Check with the Domain admins about providing a static profile to the cluster
service account.
--
Arnie Rowland, Ph.D.
Westwood Consulting, Inc
Most good judgment comes from experience.
Most experience comes from bad judgment.
- Anonymous
<Joe.Mobley@.nationalexpress.com> wrote in message
news:1157531034.223893.106160@.b28g2000cwb.googlegroups.com...

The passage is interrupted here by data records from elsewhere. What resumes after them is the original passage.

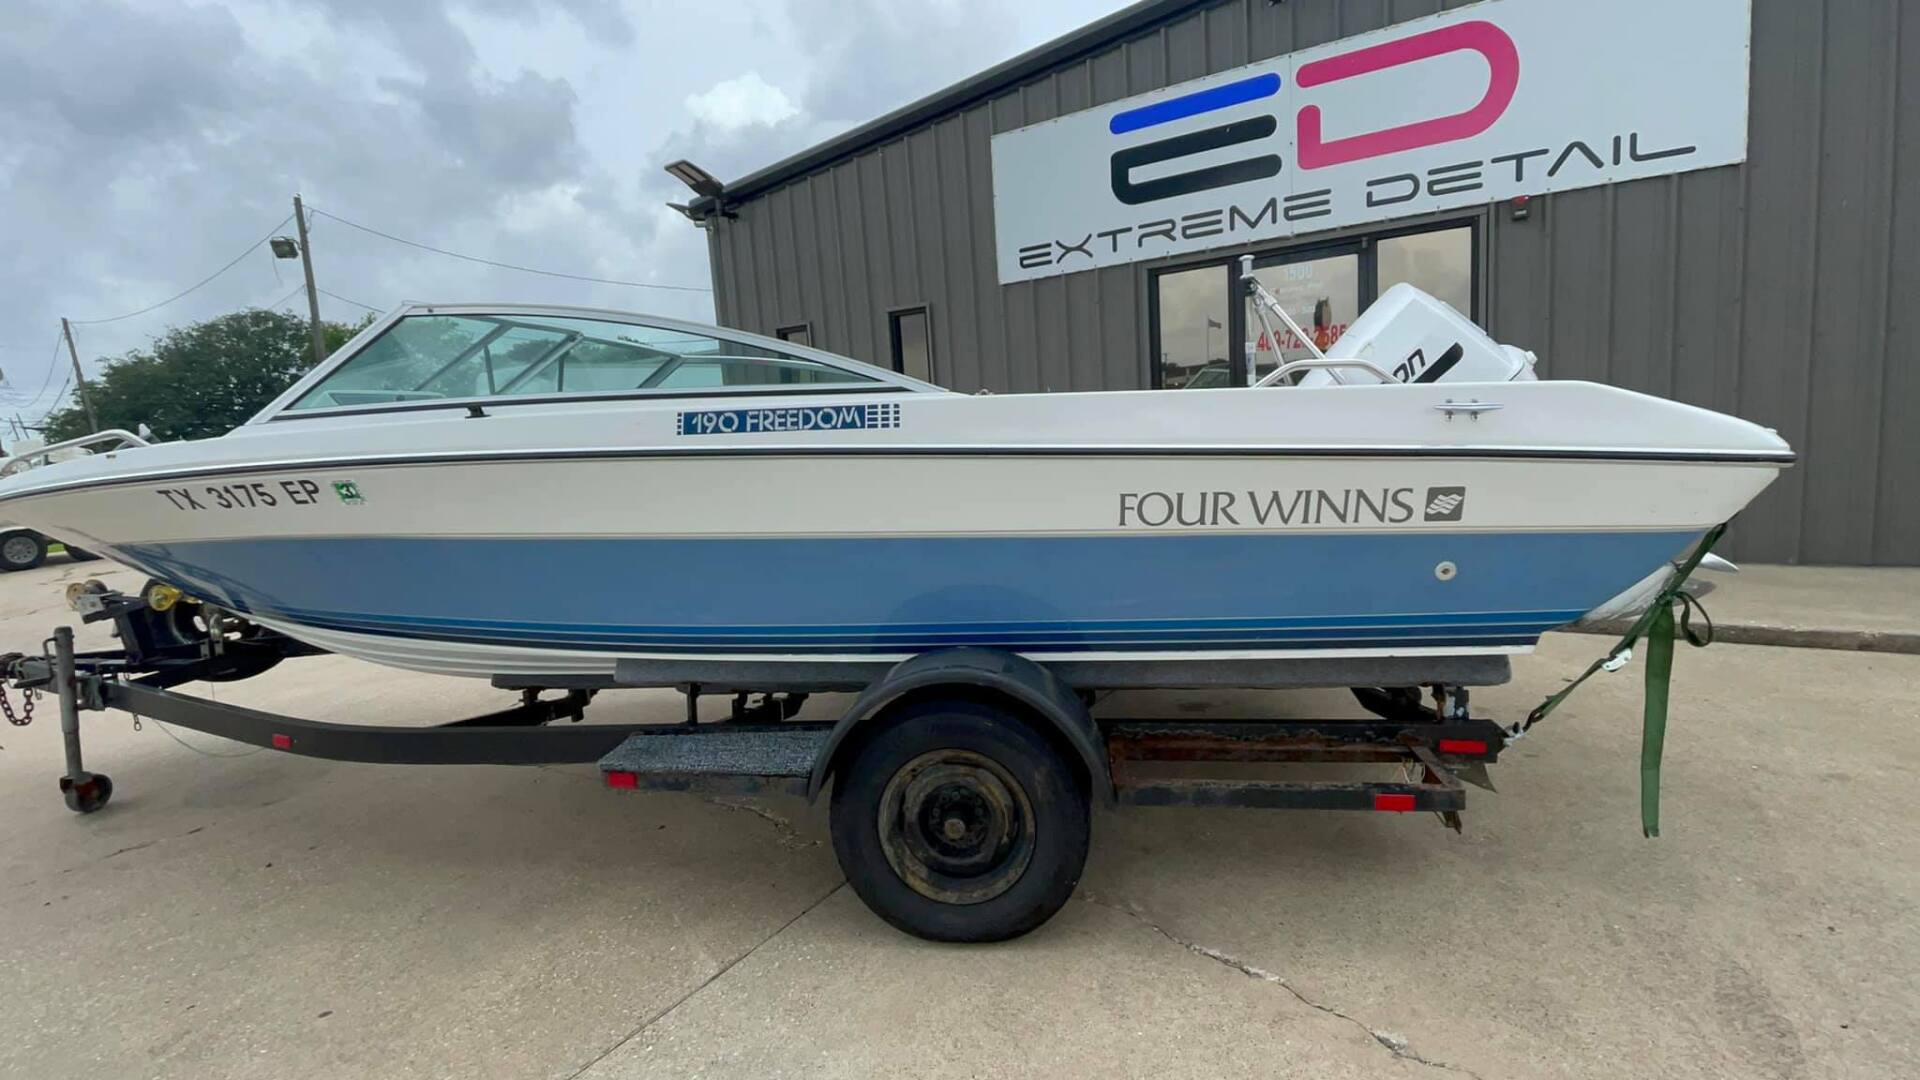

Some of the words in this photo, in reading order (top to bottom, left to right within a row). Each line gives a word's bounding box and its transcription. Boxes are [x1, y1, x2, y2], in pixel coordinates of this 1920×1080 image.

[1109, 20, 1521, 206] ED
[1018, 188, 1334, 270] EXTREME
[1366, 132, 1697, 208] DETAIL
[691, 412, 739, 434] 190
[746, 406, 862, 431] FREEDOM
[156, 489, 207, 511] TX
[206, 483, 277, 509] 3175
[279, 479, 320, 505] EP
[1118, 491, 1240, 527] FOUR
[1247, 487, 1415, 526] WINNS

> Each morning I find that 1 of my servers has failed across and I'm
> getting the following error:
> Does anyone have any ideas'
> Many Thanks
> Event Type: Error
> Event Source: ClusSvc
> Event Category: Startup/Shutdown
> Event ID: 1234
> Date: 06/09/2006
> Time: 09:09:18
> User: N/A
> Computer: NXNHPSQLSRV1
> Description:
> The Cluster service account does not have the following required user
> rights:
> Act as part of the operating system
> These user rights were granted to the Cluster service account during
> cluster setup and must not be removed.
> User Action
> Assign these rights to the Cluster service account. One way to do this
> is to use Local Security Settings (Secpol.msc). Another way is to edit
> the Group Policy object that is associated with the Cluster service
> account's user object in Active Directory.
> If you have already assigned these rights to the Cluster service
> account, and the user rights appear to be removed, a Group Policy
> object might be removing the rights. Check with your domain
> administrator to find out if this is happening.